Joseph Mallord William Turner 1775–1851
Folio 7 Recto:
Cochem and the Winneberg, Looking Downstream from the Burg 1839
D28363
Turner Bequest CCXC 7
Pencil on flecked off-white wove paper, 100 x 163 mm
Inscribed in blue ink by Ruskin ‘6’ top right
Stamped in black ‘CCXC–6’ bottom right
 
Accepted by the nation as part of the Turner Bequest 1856
Rendered with agile line, this detailed drawing represents the Parish Church of St Martin, a spired chapel and various other buildings with gabled and mansard roofs.
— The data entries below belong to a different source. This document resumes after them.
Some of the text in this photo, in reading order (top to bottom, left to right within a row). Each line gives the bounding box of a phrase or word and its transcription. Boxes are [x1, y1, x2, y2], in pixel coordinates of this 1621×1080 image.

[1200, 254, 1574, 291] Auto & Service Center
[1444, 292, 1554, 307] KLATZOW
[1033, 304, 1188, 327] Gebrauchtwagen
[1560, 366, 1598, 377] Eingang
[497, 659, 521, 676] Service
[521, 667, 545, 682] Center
In the distance at top right are the ruins of the thirteenth-century Winneburg Castle, located, as Bartholomew Stritch writes, ‘at the extremity of a wild valley, or gorge, traversed by the Endert’ and ‘upon the pinnacle of a lofty rock’.1 The castle was the ‘original family seat of the barons of Matternich, Winneburg, [and] Belstein’ but during the Nine Years’ War it was besieged and destroyed by French troops.2 It remains in ruin to this day.

Alice Rylance-Watson
July 2013

1
Bartholomew Stritch, The Meuse, the Moselle, and the Rhine; or, A six weeks' tour through the finest river scenery in Europe, by B.S., London 1845, p.58.
2
Ibid.

How to cite

Alice Rylance-Watson, ‘Cochem and the Winneberg, Looking Downstream from the Burg 1839 by Joseph Mallord William Turner’, catalogue entry, July 2013, in David Blayney Brown (ed.), J.M.W. Turner: Sketchbooks, Drawings and Watercolours, Tate Research Publication, November 2014, https://www.tate.org.uk/art/research-publications/jmw-turner/joseph-mallord-william-turner-cochem-and-the-winneberg-looking-downstream-from-the-burg-r1150648, accessed 19 April 2024.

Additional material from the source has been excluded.